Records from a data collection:
%%

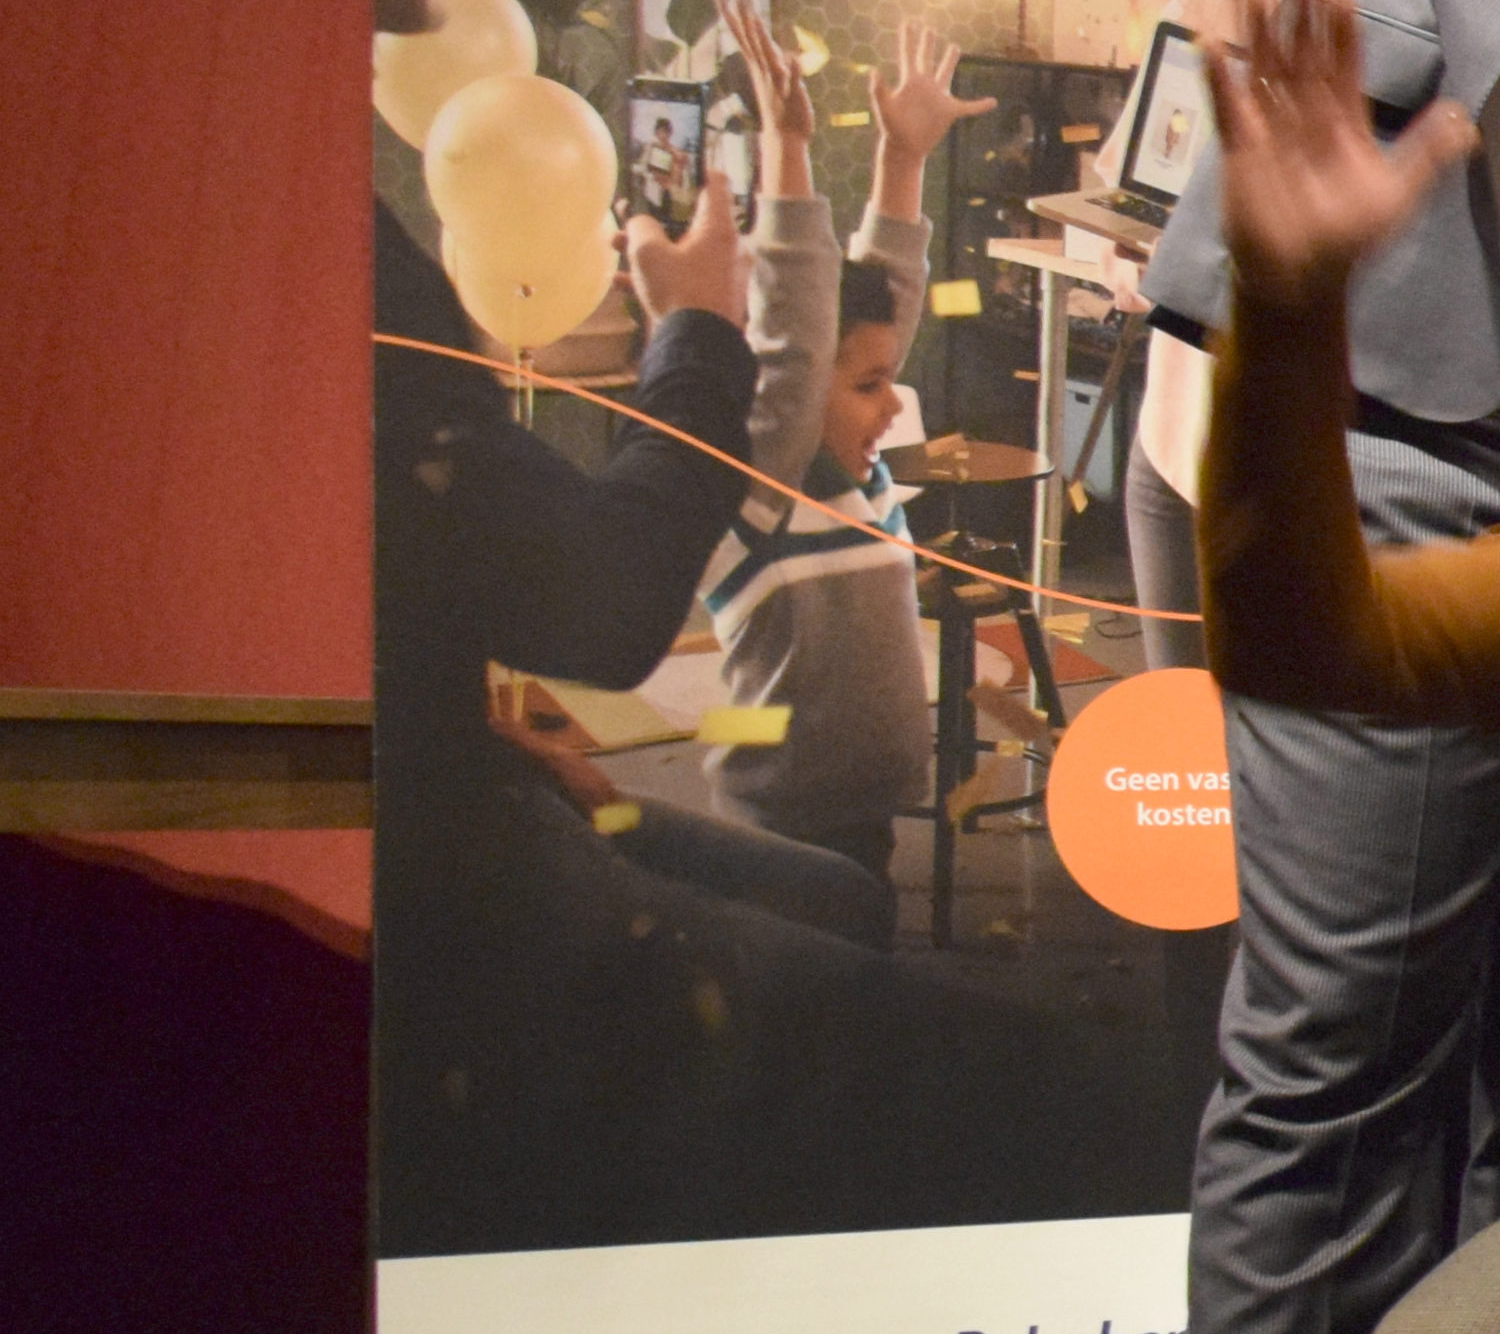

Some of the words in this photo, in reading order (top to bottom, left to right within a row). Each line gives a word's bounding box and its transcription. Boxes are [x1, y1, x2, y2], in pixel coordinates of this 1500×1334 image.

[1105, 767, 1180, 792] Geen
[1187, 772, 1232, 791] vas
[1137, 801, 1232, 827] kosten
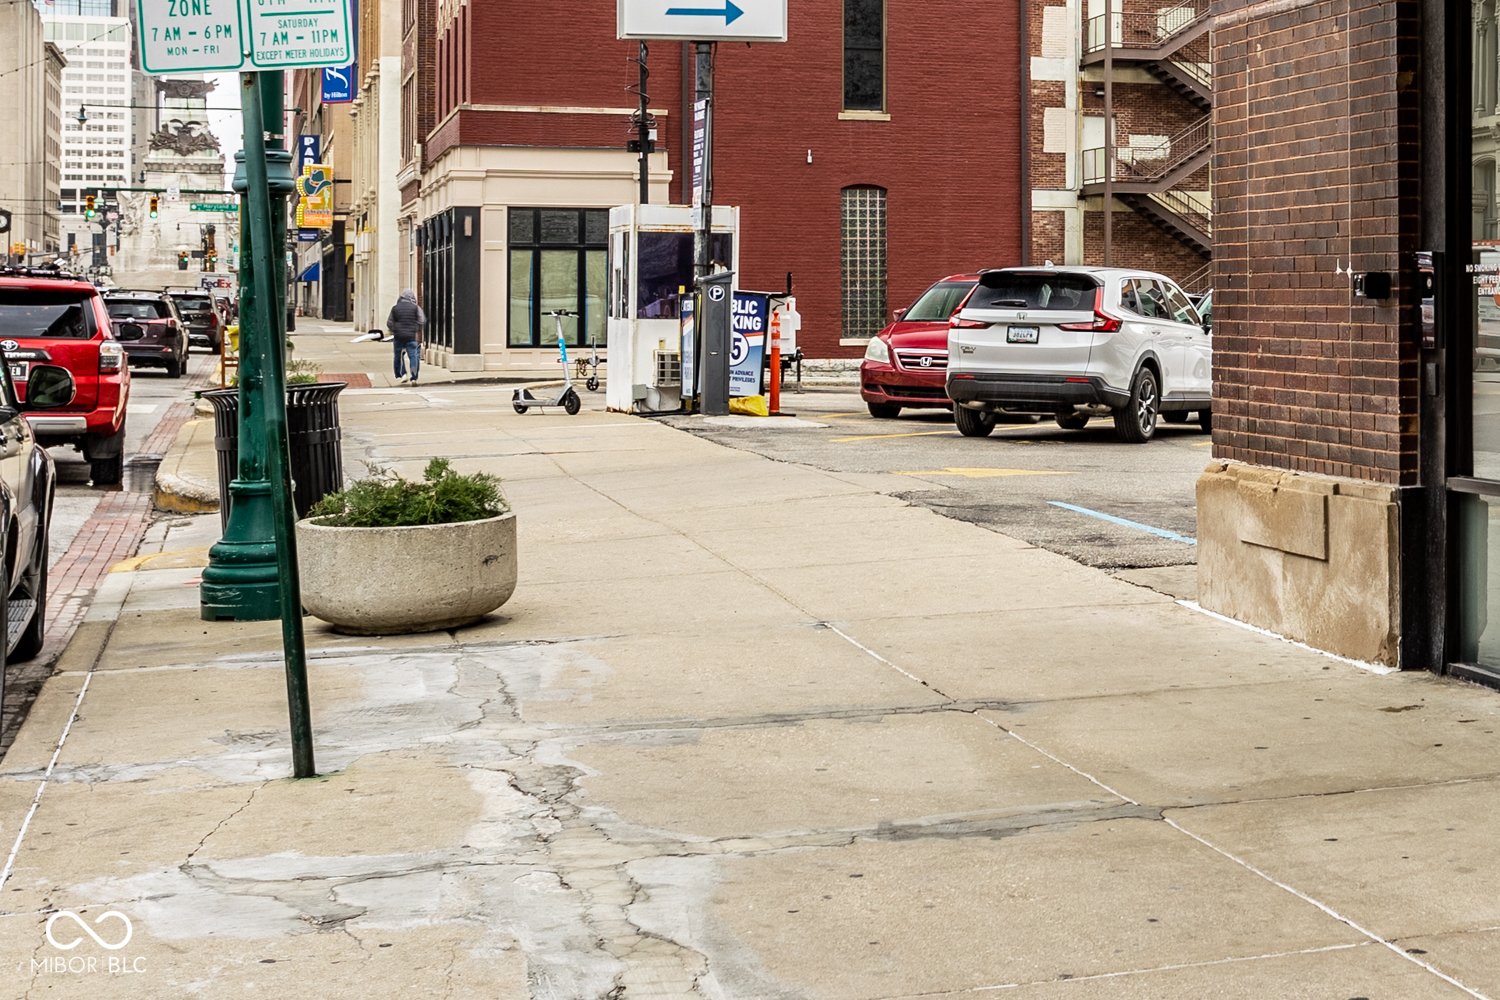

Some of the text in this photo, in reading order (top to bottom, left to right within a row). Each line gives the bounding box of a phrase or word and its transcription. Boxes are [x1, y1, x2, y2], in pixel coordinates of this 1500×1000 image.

[278, 18, 319, 29] SATURDAY
[152, 28, 158, 42] 7
[164, 26, 181, 42] AM
[204, 26, 211, 40] 6
[216, 24, 232, 38] PM
[260, 32, 266, 46] 7
[272, 32, 289, 46] AM
[167, 46, 188, 56] MON
[204, 45, 220, 54] FRI
[256, 47, 344, 62] EXCEPT METER HOLIDAYS
[201, 278, 232, 288] FedEx
[713, 288, 722, 298] P
[732, 300, 758, 314] BLIC
[732, 314, 762, 330] KING
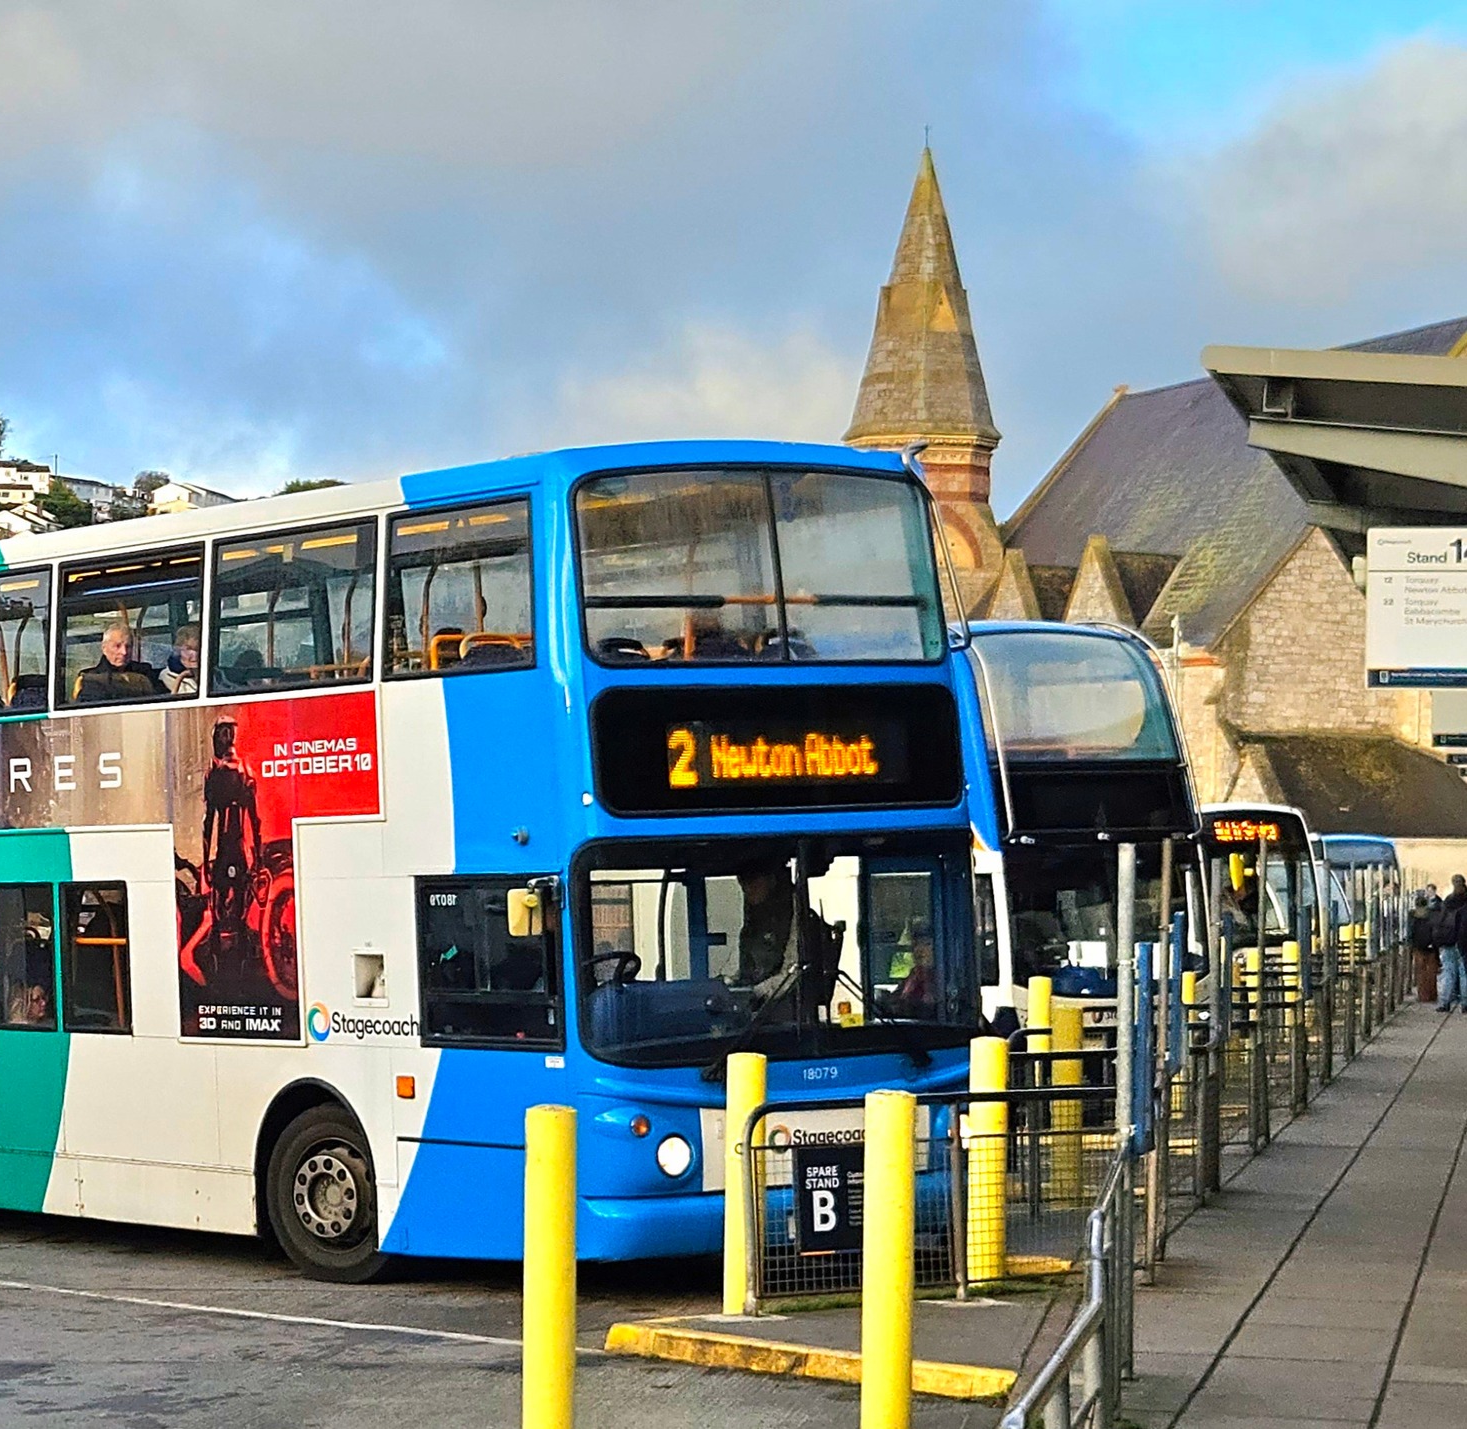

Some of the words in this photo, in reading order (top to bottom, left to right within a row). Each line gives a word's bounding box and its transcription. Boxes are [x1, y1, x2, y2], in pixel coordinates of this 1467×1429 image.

[1406, 551, 1448, 564] Stand
[274, 742, 288, 757] IN
[292, 737, 357, 754] CINEMAS
[261, 754, 352, 778] OCTOBER
[354, 753, 372, 771] 10
[667, 728, 699, 789] 2
[710, 734, 802, 779] Newton
[805, 732, 879, 776] Abbot
[198, 1004, 256, 1016] EXPERIENCE
[259, 1005, 269, 1016] IT
[272, 1006, 282, 1016] IN
[198, 1017, 217, 1030] 3D
[221, 1019, 242, 1031] AND
[245, 1018, 282, 1032] IMAX
[331, 1011, 420, 1040] Stagecoach
[803, 1066, 839, 1080] 18079
[793, 1128, 865, 1145] Stagecoa
[806, 1164, 838, 1177] SPARE
[805, 1177, 840, 1190] STAND
[812, 1189, 837, 1232] B

%%

▸ **Brief**: Without the pictures, retype all of the data above exactly.

▸ **Finished exercise**:
Some of the words in this photo, in reading order (top to bottom, left to right within a row). Each line gives a word's bounding box and its transcription. Boxes are [x1, y1, x2, y2], in pixel coordinates of this 1500×1334 image.

[1105, 767, 1180, 792] Geen
[1187, 772, 1232, 791] vas
[1137, 801, 1232, 827] kosten

Some of the text in this photo, in reading order (top to bottom, left to right within a row). Each line gives the bounding box of a phrase or word and its transcription. Boxes are [x1, y1, x2, y2], in pixel coordinates of this 1500×1000 image.

[278, 18, 319, 29] SATURDAY
[152, 28, 158, 42] 7
[164, 26, 181, 42] AM
[204, 26, 211, 40] 6
[216, 24, 232, 38] PM
[260, 32, 266, 46] 7
[272, 32, 289, 46] AM
[167, 46, 188, 56] MON
[204, 45, 220, 54] FRI
[256, 47, 344, 62] EXCEPT METER HOLIDAYS
[201, 278, 232, 288] FedEx
[713, 288, 722, 298] P
[732, 300, 758, 314] BLIC
[732, 314, 762, 330] KING

Some of the words in this photo, in reading order (top to bottom, left to right within a row). Each line gives a word's bounding box and its transcription. Boxes are [x1, y1, x2, y2], in pixel coordinates of this 1467×1429 image.

[1406, 551, 1448, 564] Stand
[274, 742, 288, 757] IN
[292, 737, 357, 754] CINEMAS
[261, 754, 352, 778] OCTOBER
[354, 753, 372, 771] 10
[667, 728, 699, 789] 2
[710, 734, 802, 779] Newton
[805, 732, 879, 776] Abbot
[198, 1004, 256, 1016] EXPERIENCE
[259, 1005, 269, 1016] IT
[272, 1006, 282, 1016] IN
[198, 1017, 217, 1030] 3D
[221, 1019, 242, 1031] AND
[245, 1018, 282, 1032] IMAX
[331, 1011, 420, 1040] Stagecoach
[803, 1066, 839, 1080] 18079
[793, 1128, 865, 1145] Stagecoa
[806, 1164, 838, 1177] SPARE
[805, 1177, 840, 1190] STAND
[812, 1189, 837, 1232] B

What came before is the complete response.